I saw a TV news clip recently which said that vinyl was more popular now that it has been for years: from the DJ booth on Saturday night, you wouldn’t have known it. Two Technics SL1200 record decks, the iconic DJ tools, being used as laptop stands. The bitter irony…

(In fact, there were also a pair of Pioneer CD decks there too, and they didn’t get a look in all night – it’s just that they weren’t big enough to use to rest a laptop).

This is consumerisation and commoditization in action: relative cheap, generic devices with software apps being used to replace specialist software and hardware.

4 thoughts on “The consumerisation of the DJ booth

  1. One of the biggest attractions of this approach is the ability to carry around 100s or 1000s of tunes which was impossible back in the day with vinyl. Also organising your music for easy quick access is also possible in theory – not yet used any of these systems. The purist (the “DJ” DJ will say it’s not the same) the touch and feel of plastic the weight of a 1210 along with it’s imperfections means you require skill to pull it off. Products such as the Serato allow the use of specially encoded vinyl to be used as the control device which allows for a blend of both worlds.

    However that’s not really the point you are trying to make. Agree that cheap computers and fast internet has made it easy to produce, manipulate, share, and play back music. I’m surprised that the iPod hasn’t replaced the SL1210 as the standard interface at clubs.
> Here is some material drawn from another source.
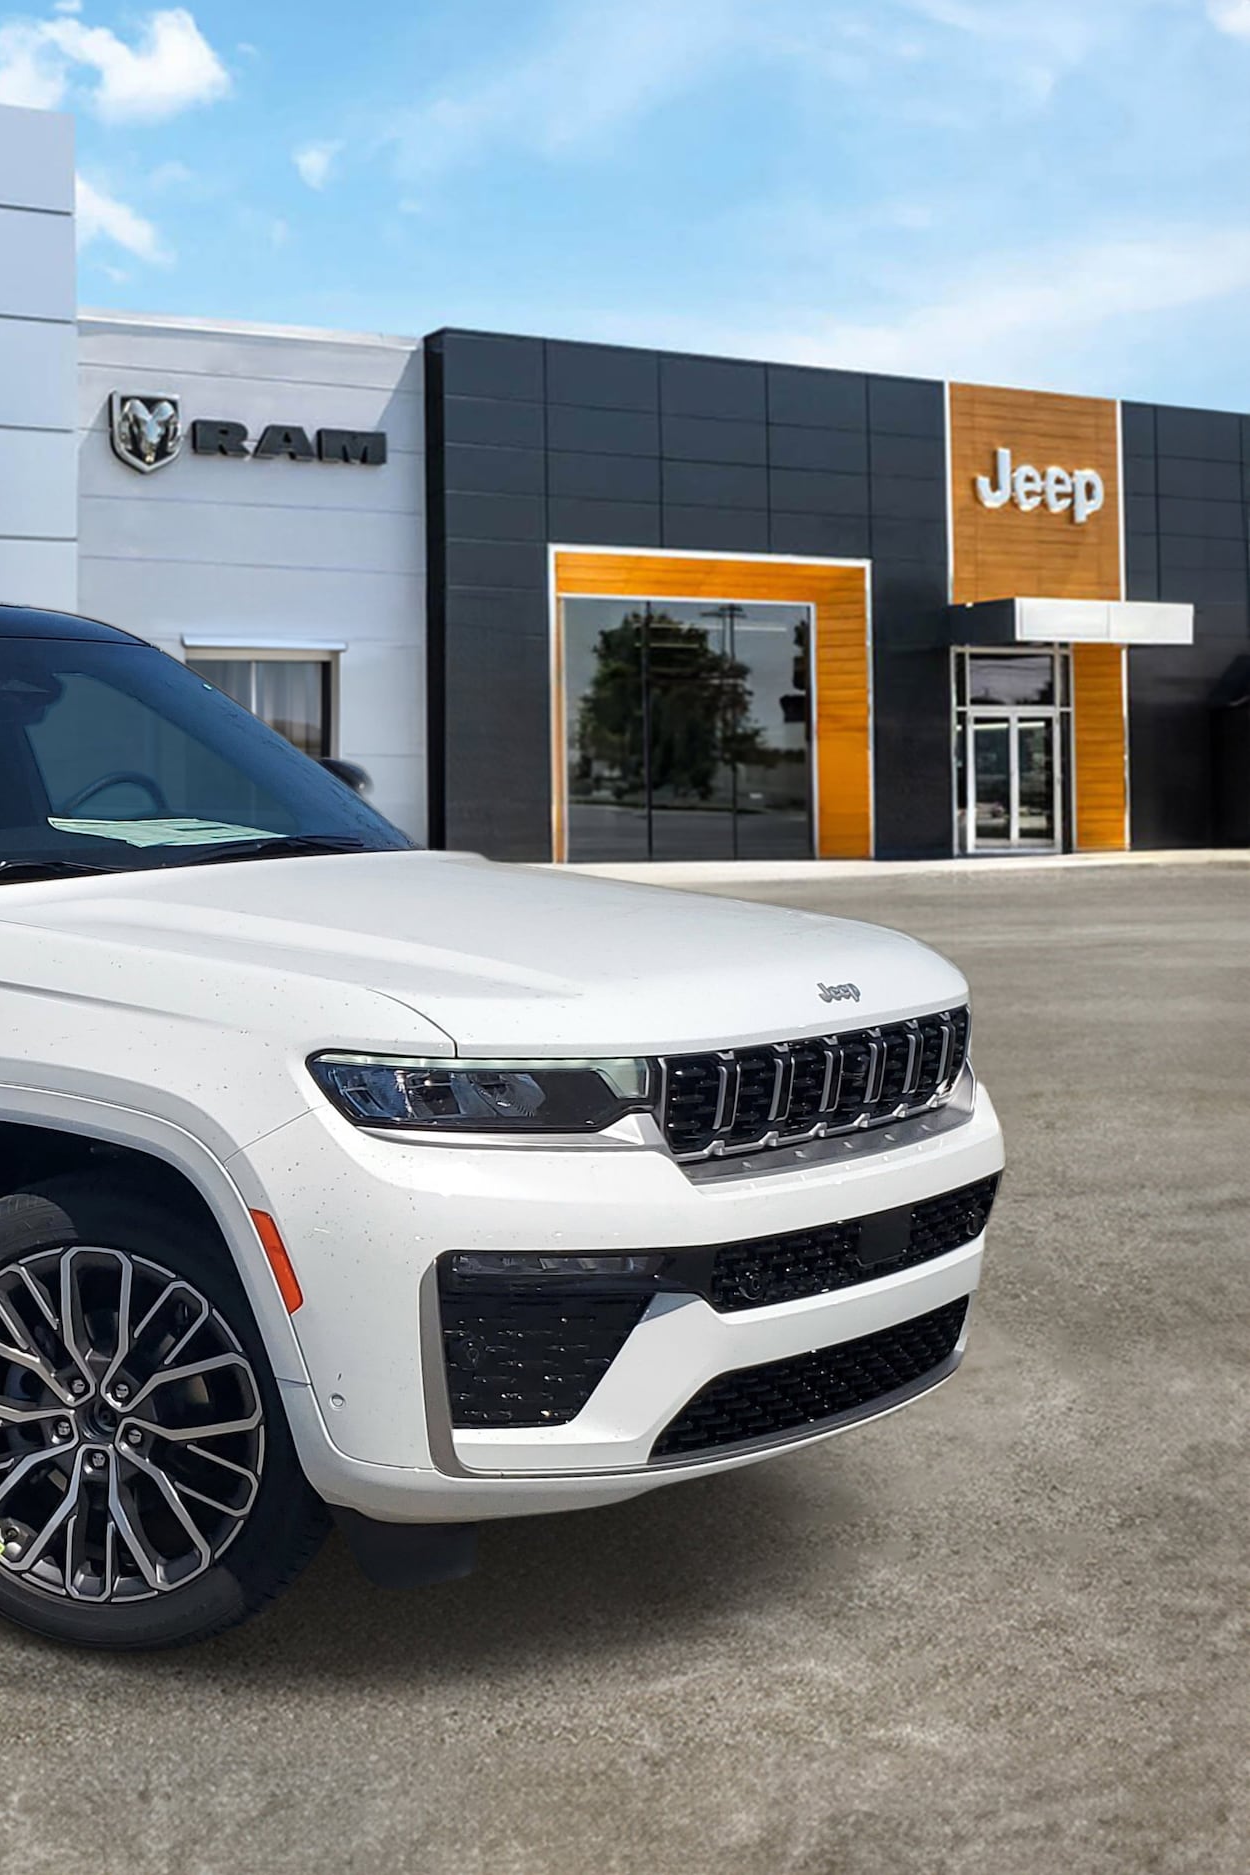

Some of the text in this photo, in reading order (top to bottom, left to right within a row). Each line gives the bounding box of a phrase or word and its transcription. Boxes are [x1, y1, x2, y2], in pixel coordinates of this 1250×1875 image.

  2. When new media formats emerge, it’s often the case that the old will reform themselves to better suit the new environment… when the TV came along, cinema didn’t die, but the newsreel became an irrelevant format (and B-movies became “straight to TV” fodder).

    Vinyl undoubtedly is going to stick around for a while yet because of the tactility of the medium for DJing (I get that – I just never had the vinyl collection to make it viable for me!). Serato is the sort of way that that is happening. DJ CD Decks, though, are surely confined to the big bin of history…

    1. Agreed!

      Also “disc” in general is on it’s last legs. The movie industry and manufacturers should have had the vision to stick their money into on demand type services!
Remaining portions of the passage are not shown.